## What you have to do
Leave out any picture and return the remaining listing below exactly as given.

<<<<

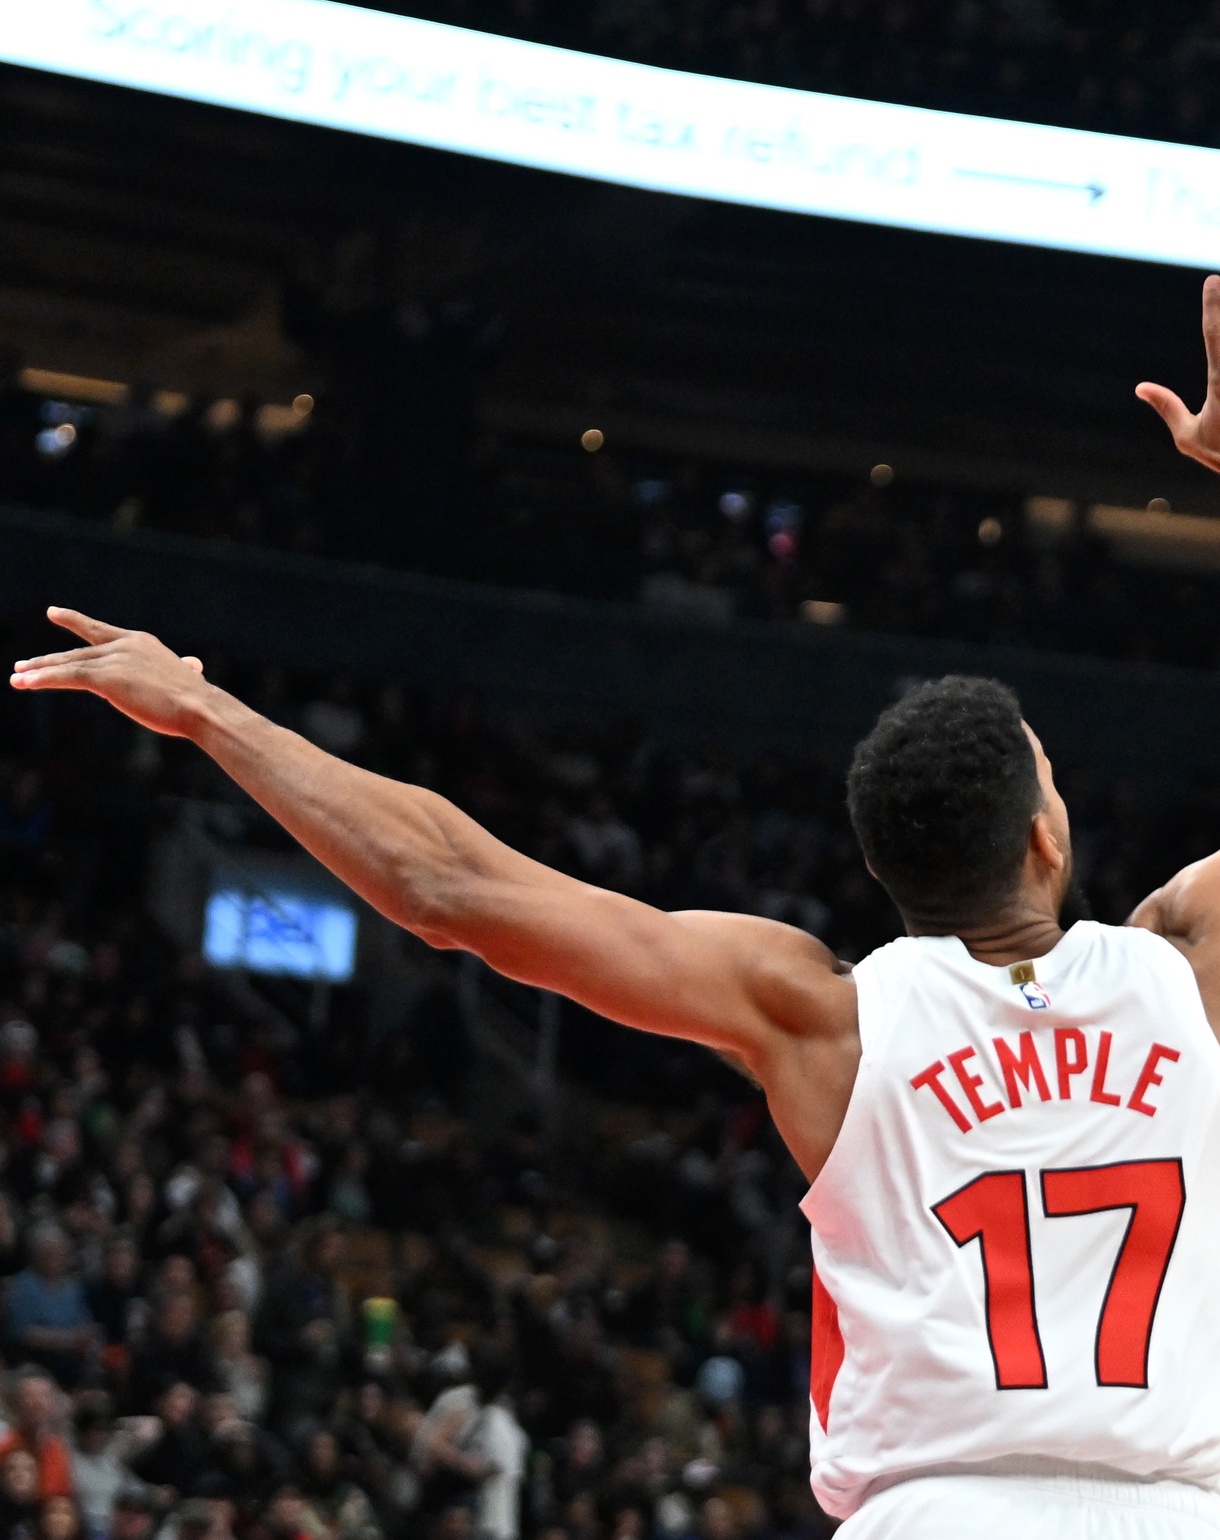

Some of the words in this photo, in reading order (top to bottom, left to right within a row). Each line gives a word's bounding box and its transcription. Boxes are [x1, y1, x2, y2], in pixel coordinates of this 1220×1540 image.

[329, 49, 459, 103] your
[475, 60, 600, 135] best
[719, 110, 922, 188] refund
[909, 1027, 1182, 1134] TEMPLE
[930, 1156, 1186, 1390] 17
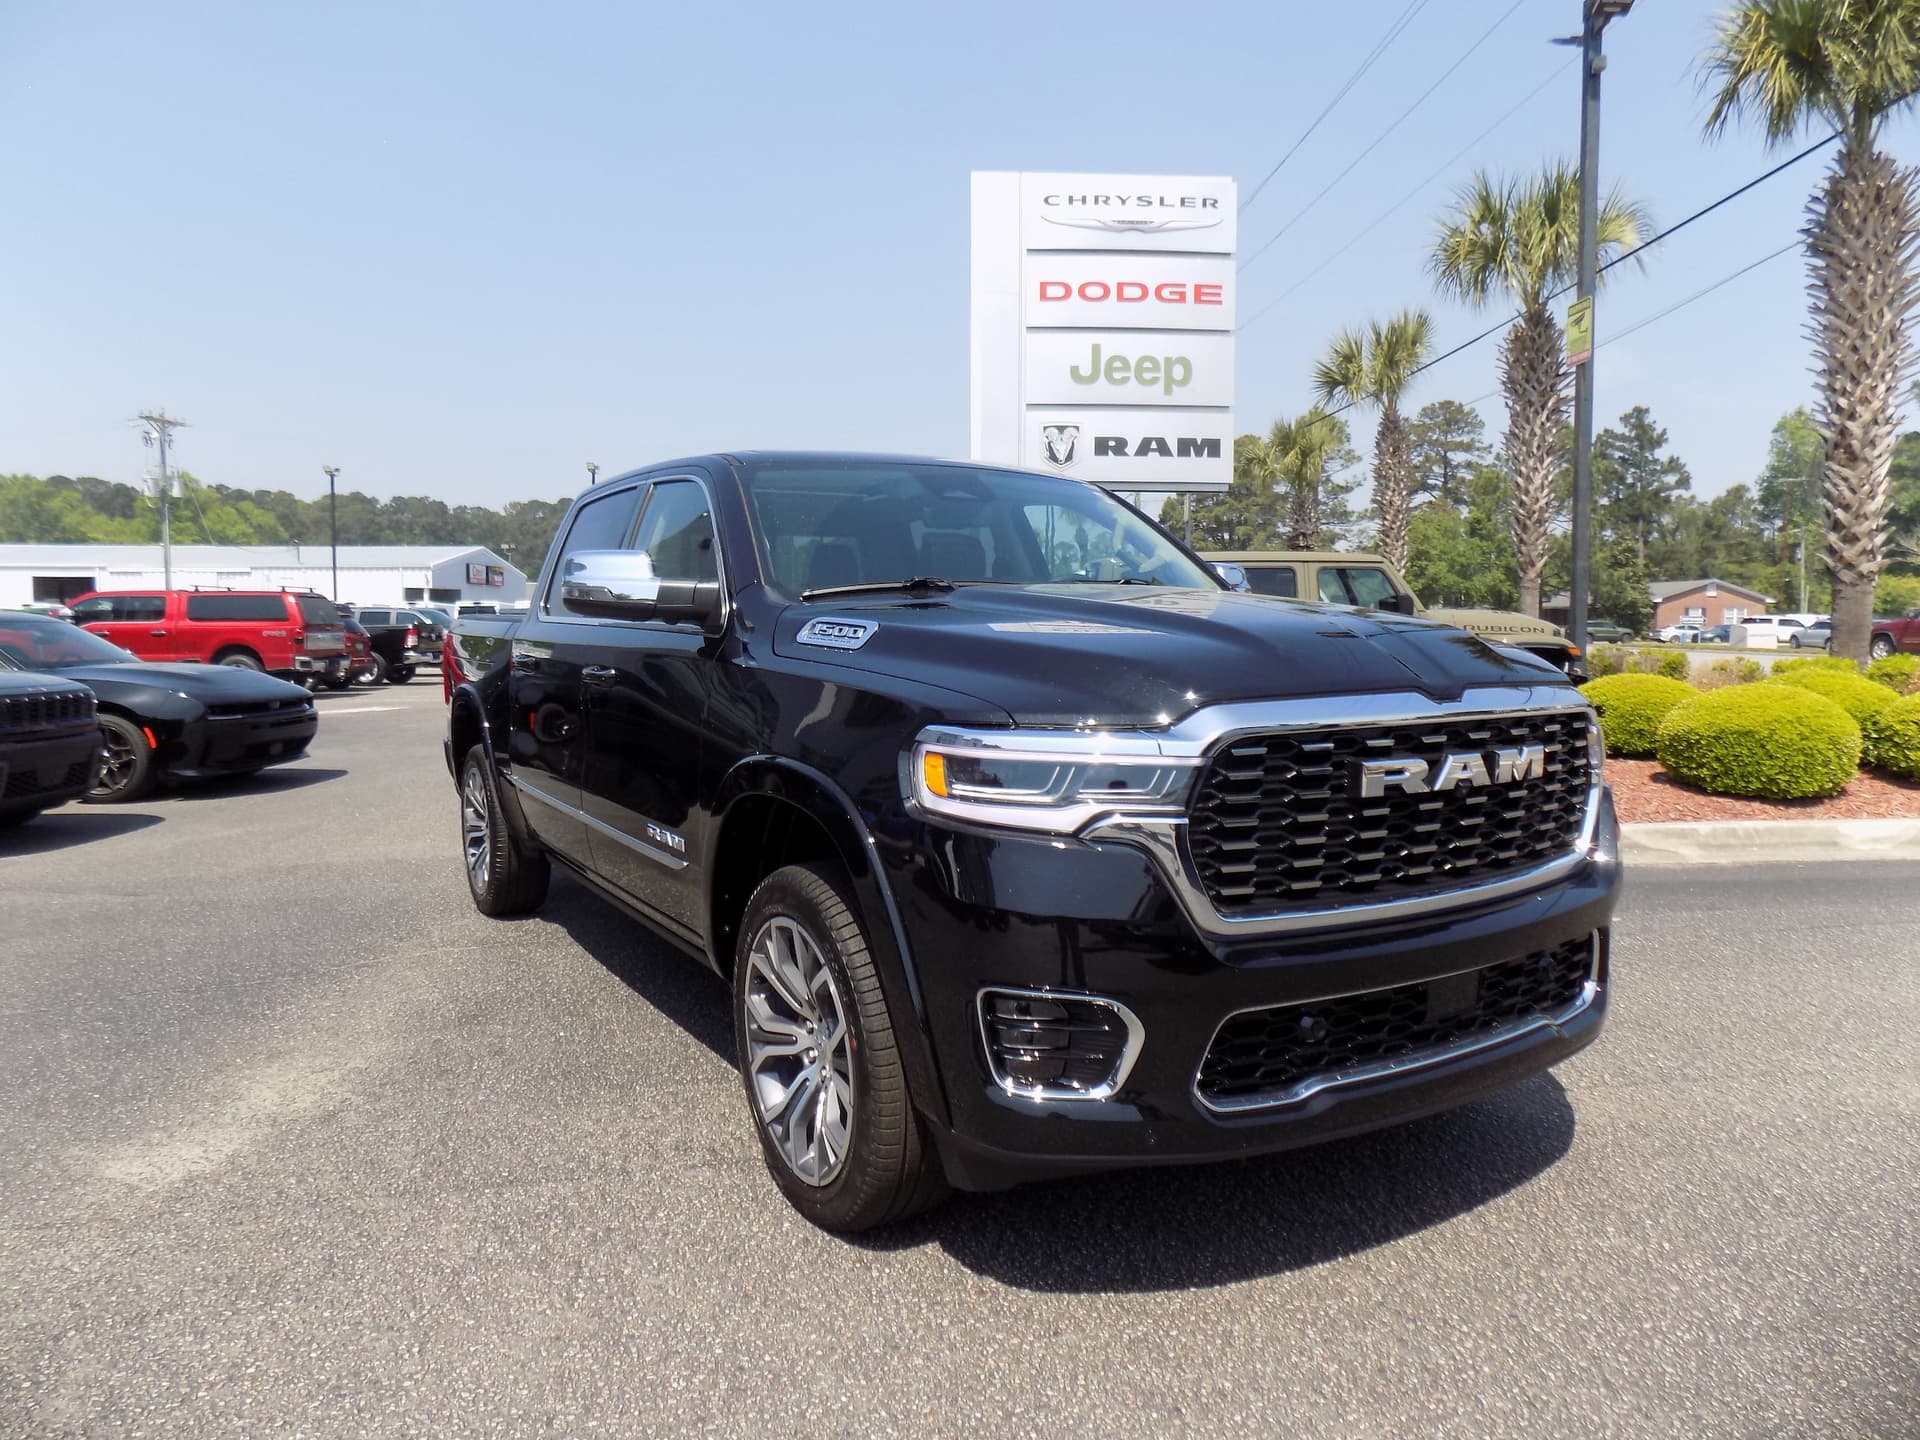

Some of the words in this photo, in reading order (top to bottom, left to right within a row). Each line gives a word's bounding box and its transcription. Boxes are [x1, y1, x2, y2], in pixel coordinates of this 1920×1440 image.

[1043, 194, 1219, 209] CHRYSLER
[1039, 281, 1223, 306] DODGE
[1069, 343, 1193, 396] Jeep
[1093, 436, 1222, 458] RAM
[812, 622, 865, 638] 1500
[1463, 624, 1545, 634] RUBICON
[1360, 744, 1545, 799] RAM
[646, 823, 686, 853] RAM

>>>>

## Written solution
Some of the words in this photo, in reading order (top to bottom, left to right within a row). Each line gives a word's bounding box and its transcription. Boxes are [x1, y1, x2, y2], in pixel coordinates of this 1220×1540 image.

[329, 49, 459, 103] your
[475, 60, 600, 135] best
[719, 110, 922, 188] refund
[909, 1027, 1182, 1134] TEMPLE
[930, 1156, 1186, 1390] 17

Some of the words in this photo, in reading order (top to bottom, left to right within a row). Each line gives a word's bounding box and its transcription. Boxes are [x1, y1, x2, y2], in pixel coordinates of this 1920×1440 image.

[1043, 194, 1219, 209] CHRYSLER
[1039, 281, 1223, 306] DODGE
[1069, 343, 1193, 396] Jeep
[1093, 436, 1222, 458] RAM
[812, 622, 865, 638] 1500
[1463, 624, 1545, 634] RUBICON
[1360, 744, 1545, 799] RAM
[646, 823, 686, 853] RAM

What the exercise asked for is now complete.